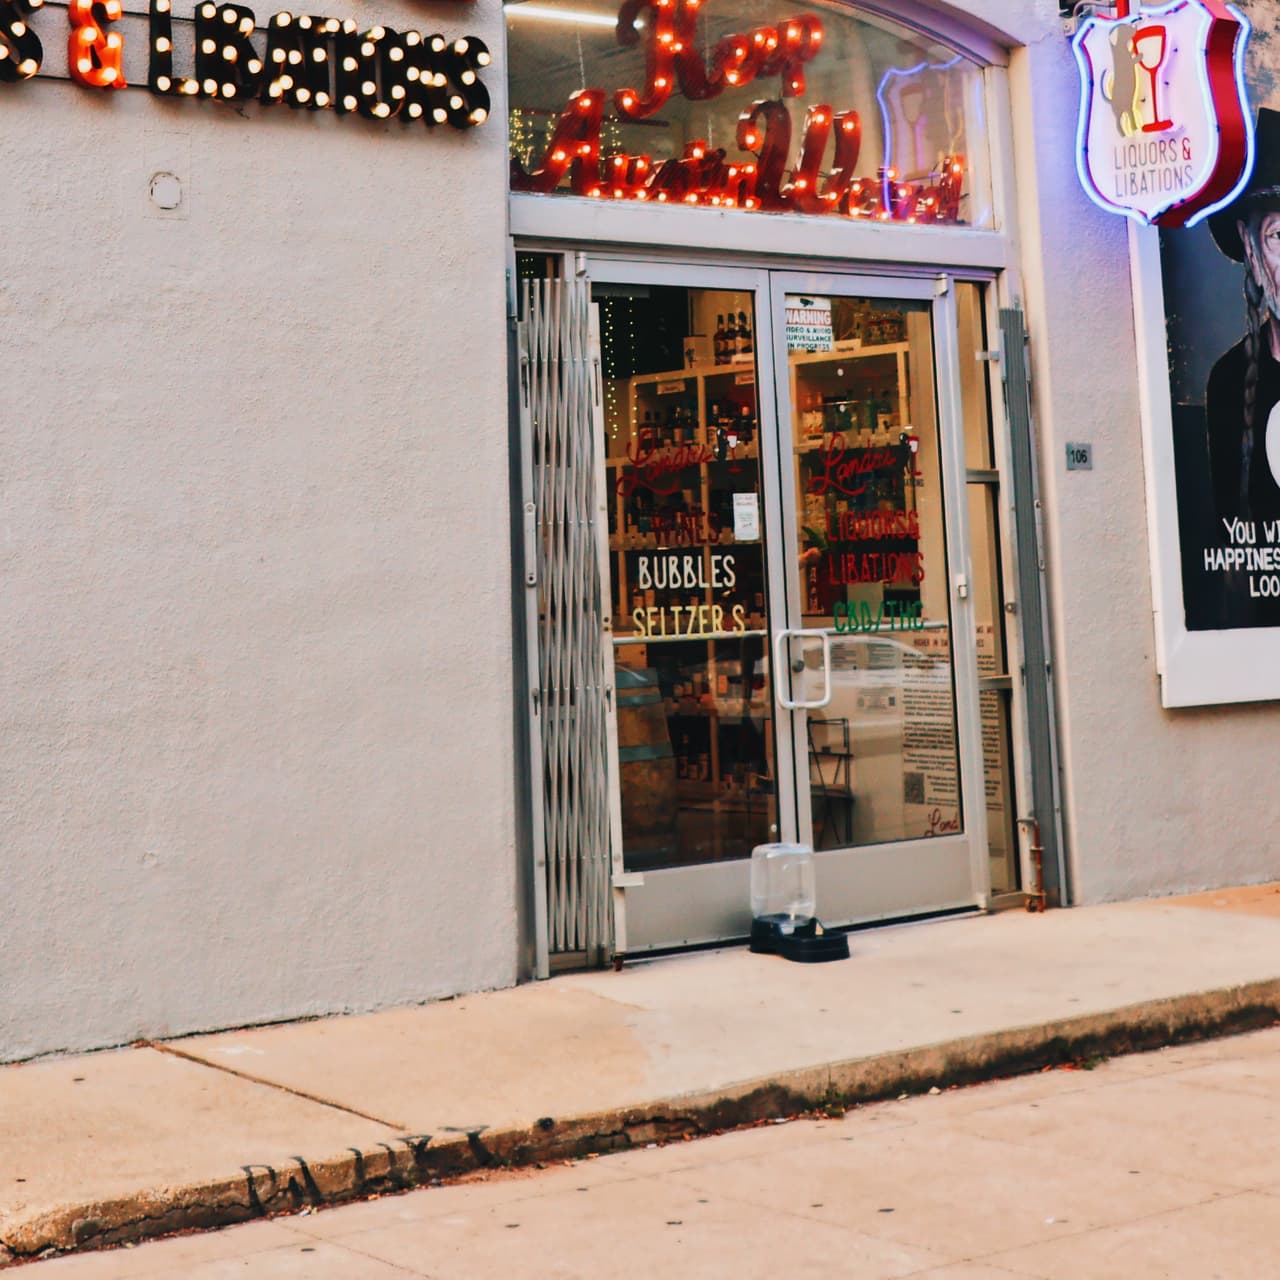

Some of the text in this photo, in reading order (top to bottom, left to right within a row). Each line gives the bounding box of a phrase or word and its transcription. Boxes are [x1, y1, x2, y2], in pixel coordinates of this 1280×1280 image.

[1114, 137, 1191, 170] LIQUORS &
[1115, 164, 1193, 197] LIBATIONS
[785, 309, 831, 325] WARNING
[1070, 449, 1087, 464] 106
[651, 511, 720, 545] WINES
[1222, 516, 1256, 544] YOU
[639, 554, 736, 589] BUBBLES
[827, 551, 925, 587] LIBATIONS
[833, 600, 925, 633] CBD/THC
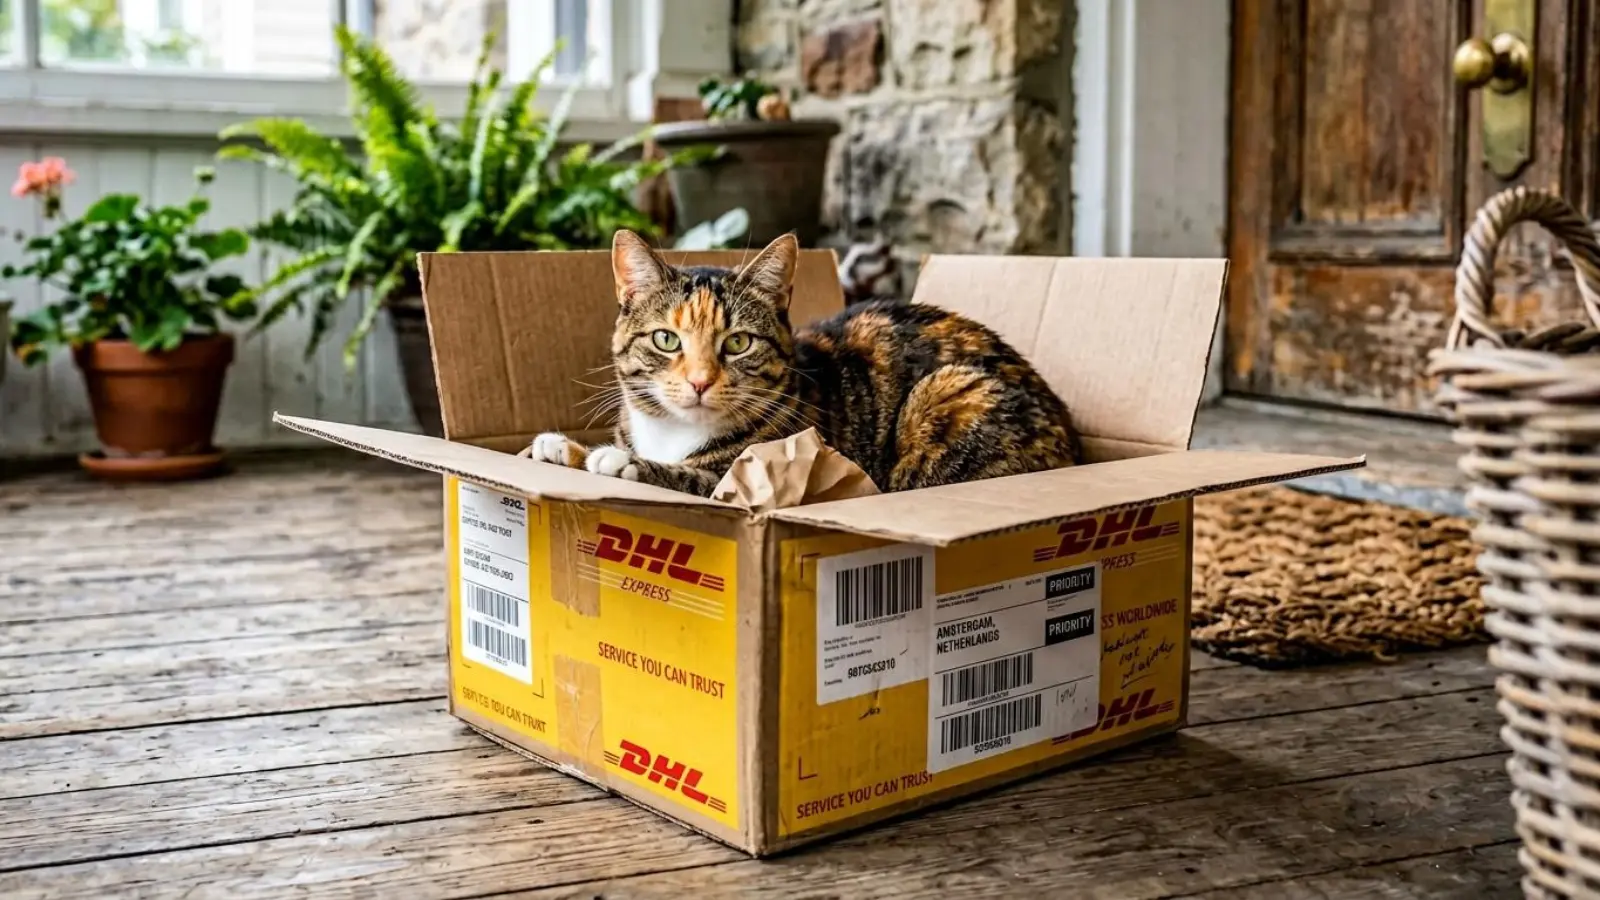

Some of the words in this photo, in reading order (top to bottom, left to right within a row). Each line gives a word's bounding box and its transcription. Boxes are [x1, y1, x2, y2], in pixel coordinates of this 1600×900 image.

[595, 522, 702, 585] DHL
[1055, 505, 1162, 557] DHL
[621, 576, 672, 602] EXPRESS
[598, 641, 638, 669] SERVICE
[640, 655, 662, 677] YOU
[664, 665, 687, 686] CAN
[689, 672, 725, 699] TRUST
[619, 739, 709, 804] DHL
[797, 793, 845, 819] SERVICE
[848, 786, 871, 806] YOU
[875, 779, 898, 796] CAN
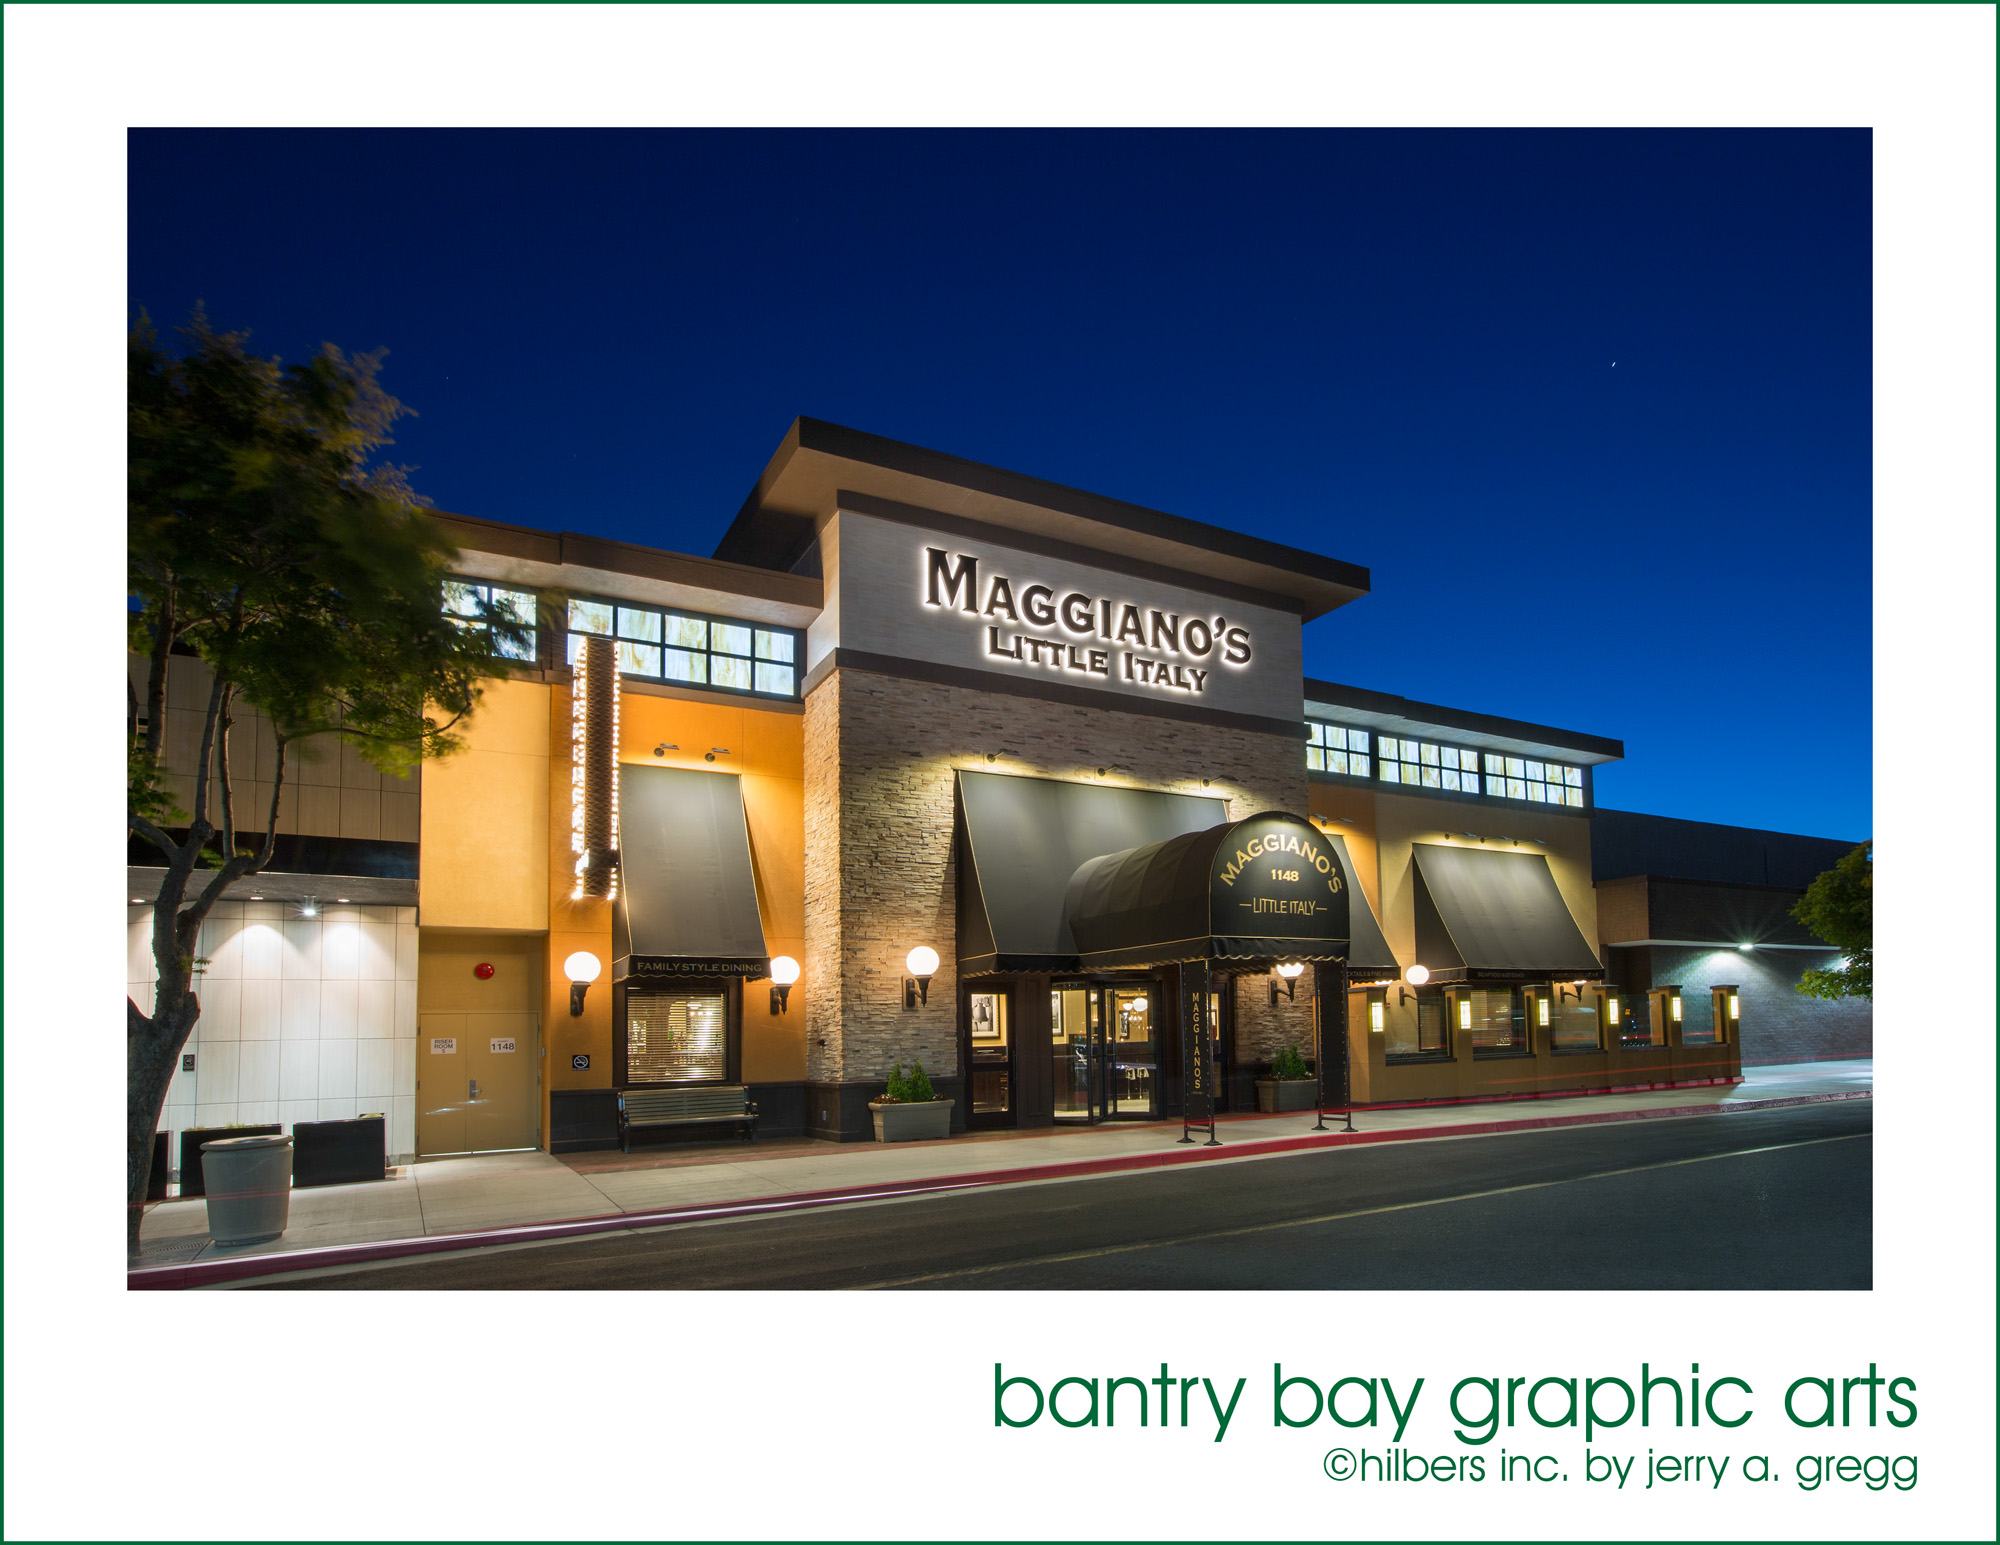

WHAT IS REQUIRED => Write out the full listing verbatim, excluding its pictures.

ANSWER TO THIS TASK =>
Some of the text in this photo, in reading order (top to bottom, left to right within a row). Each line gives the bounding box of a phrase or word and its transcription. Boxes are [x1, y1, x2, y2], in pixel coordinates of this 1280×1280 image.

[1114, 137, 1191, 170] LIQUORS &
[1115, 164, 1193, 197] LIBATIONS
[785, 309, 831, 325] WARNING
[1070, 449, 1087, 464] 106
[651, 511, 720, 545] WINES
[1222, 516, 1256, 544] YOU
[639, 554, 736, 589] BUBBLES
[827, 551, 925, 587] LIBATIONS
[833, 600, 925, 633] CBD/THC

Some of the words in this photo, in reading order (top to bottom, left to right within a row). Each line gives a word's bounding box and its transcription. Boxes are [x1, y1, x2, y2], in pixel coordinates of this 1600×900 image.

[595, 522, 702, 585] DHL
[1055, 505, 1162, 557] DHL
[621, 576, 672, 602] EXPRESS
[598, 641, 638, 669] SERVICE
[640, 655, 662, 677] YOU
[664, 665, 687, 686] CAN
[689, 672, 725, 699] TRUST
[619, 739, 709, 804] DHL
[797, 793, 845, 819] SERVICE
[848, 786, 871, 806] YOU
[875, 779, 898, 796] CAN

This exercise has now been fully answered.